Кремулятор — страница 15 из 29

– Как и все, кораблями из Крыма…

– Сколько вас там было?

– Сто двадцать шесть судов из пяти портов…

– А людей сколько?

– Думаю, что-то около ста пятидесяти тысяч человек, и все же, кажется, вы собирались доказать, что…

– Сто пятьдесят тысяч трусов!

– Ясно. Вам бы успокоиться, гражданин начальник…

– Закрой рот!

– Тогда мне сложно будет говорить…

– Открывай его только по делу!

– По делу… Среди нас были не только солдаты, но и гражданские – женщины и дети, это первое. Второе: уж чем-чем, а трусостью там точно не пахло. Разочарованием – да, растерянностью тоже, да даже глупой, пошлой надеждой, но уж точно не трусостью – на трусость там не было времени. Более того, некоторые отплывающие на прощанье кричали остававшимся на берегу большевикам «Ура!»

– И ты тоже кричал?

– Хотите приобщить к делу?

– Я тебя спрашиваю, Нестеренко, орал ты, падла, или нет?

– Нет, конечно…

– Почему?

– Потому что уже тогда понял, что ничего общего с этими господами на кораблях я не имею. Я не чувствовал себя равным среди прочих. Помню, как несколько лет спустя, в Париже, сидя в кафе, многие пораженцы утверждали, будто в двадцатом году Россию покинули удивительные, чистые и порядочные люди, однако это было вовсе не так…

– А как было?

– А было так, что в двадцатом году Россию (и число отчаливших прямо указывает на это) покидали люди ровно такие же, как и те, что оставались на берегу. На кораблях, что раненой змеей тянулись в Константинополь, бежал самый обыкновенный русский народ. Возможно, среди нас и присутствовали какие-то там богачи, фабриканты и князья, однако процент их оставался совершенно несущественным, потому что бежали все. Как бы вам ни хотелось, гражданин начальник, теперь переписывать историю, но конфликт был не классовый, а идейный…

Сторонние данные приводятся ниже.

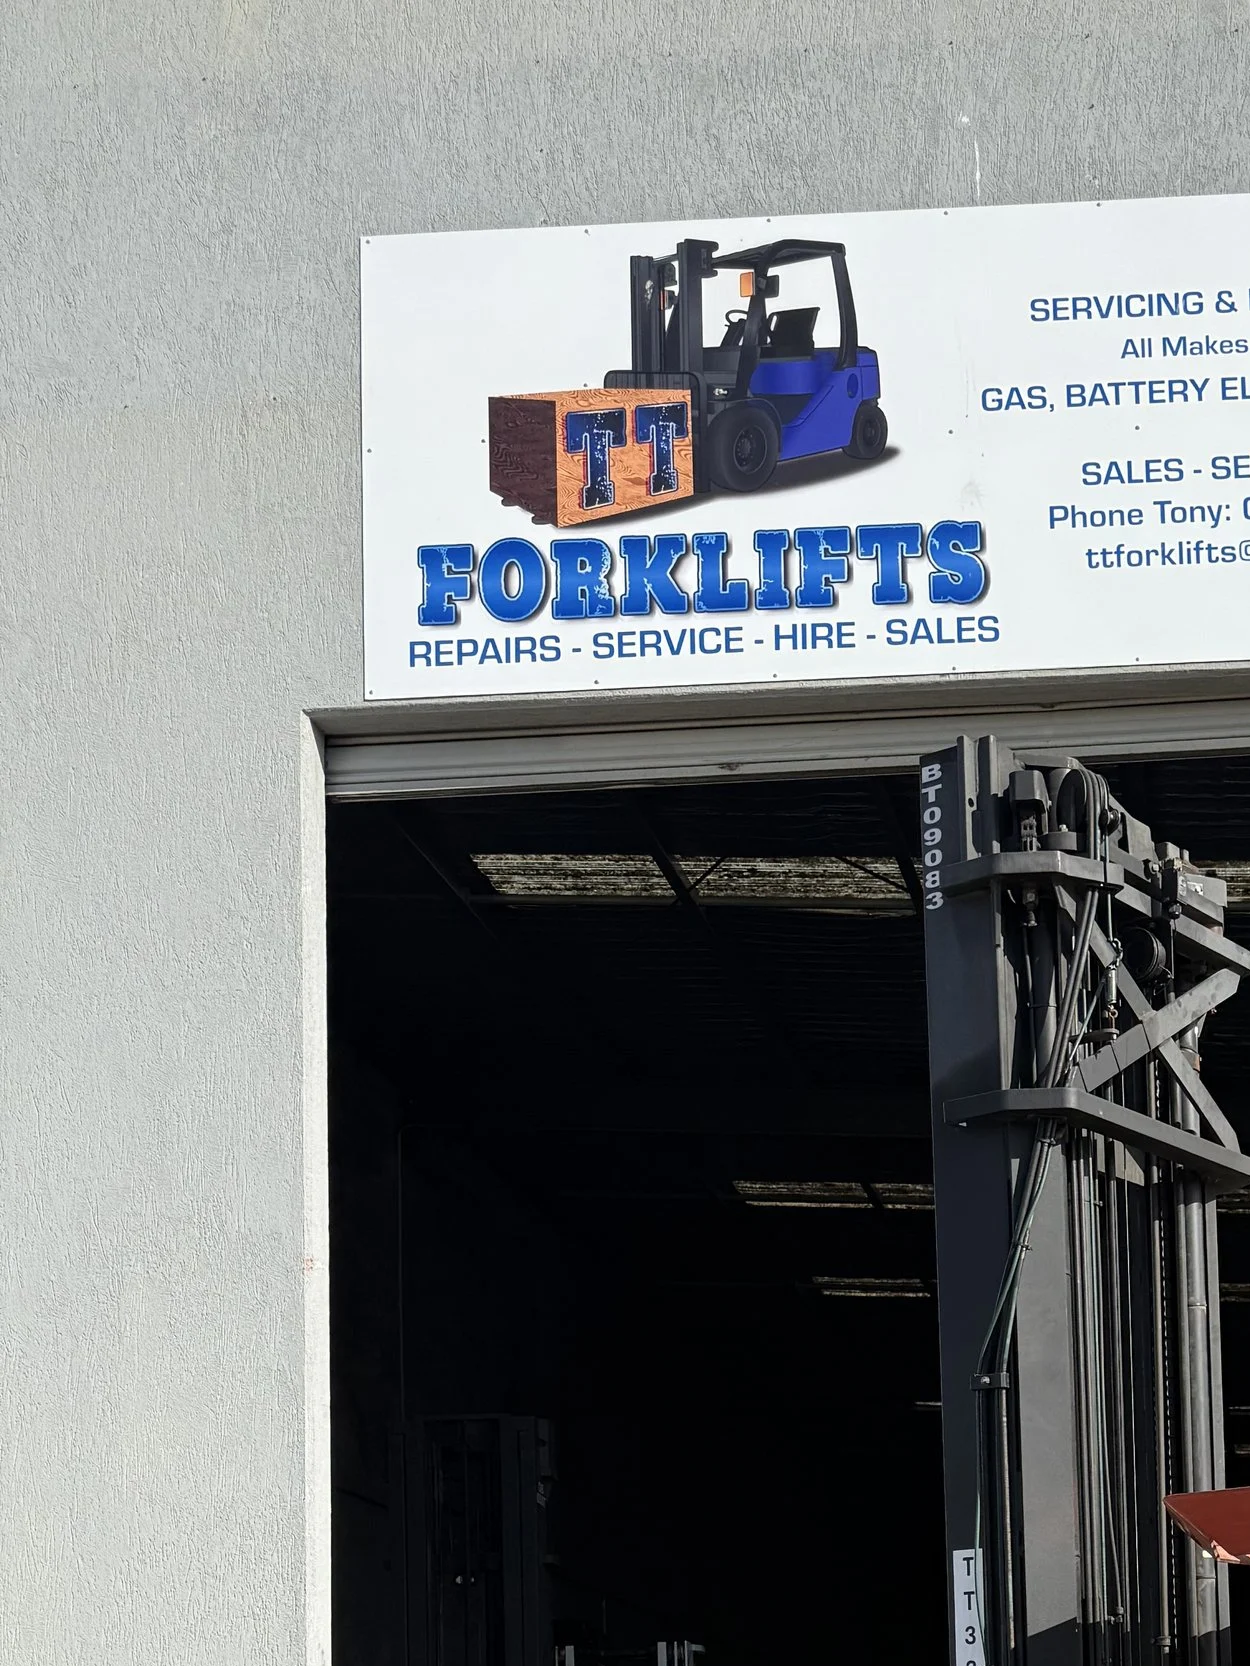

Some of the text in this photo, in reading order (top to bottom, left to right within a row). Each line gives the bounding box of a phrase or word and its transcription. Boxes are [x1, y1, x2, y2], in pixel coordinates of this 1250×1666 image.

[1030, 291, 1204, 322] SERVICING
[1215, 290, 1237, 314] &
[1121, 337, 1152, 359] All
[1161, 335, 1249, 357] Makes
[981, 385, 1054, 412] GAS,
[1066, 378, 1209, 408] BATTERY
[1081, 458, 1184, 486] SALES
[1049, 505, 1144, 529] Phone
[1153, 500, 1230, 527] Tony:
[415, 521, 990, 627] FORKLIFTS
[409, 635, 561, 668] REPAIRS
[592, 626, 744, 660] SERVICE
[774, 621, 856, 651] HIRE
[885, 615, 1000, 646] SALES
[921, 763, 944, 910] BT09083

– Ты хочешь убедить меня, что с вами бежал и простой русский мужик?

– Я вообще-то больше не очень-то хочу вас в чем-либо убеждать, гражданин начальник, я вижу, что это бессмысленно…

– Я задал тебе вопрос!

– Правда в том, что в двадцатом году всякий бежал народ, и богатый, и бедный…

– И что творилось на этих кораблях?

– Вам-то какая разница?

– Я последний раз тебя сегодня предупредил!

– На палубах наших творилось ровно то же, что и на земле – великая (с маленькой буквы) Россия. От себя ведь не убежишь! Всего за несколько минут на кораблях установилось привычное бесправие, то самое укоренившееся в русской земле бесправие, что веками не отпускало всех нас. До гальюнов невозможно было добраться – в них допускались только те самые, привилегированные и лучшие люди империи. Мы же, простые и небогатые, вынуждены были ходить под себя…

– Даже офицеры?

– Даже офицеры, гражданин начальник, даже офицеры. Впрочем, я могу говорить только за наше судно. Быть может, на других кораблях дело обстояло принципиально иначе, но я в этом очень сомневаюсь…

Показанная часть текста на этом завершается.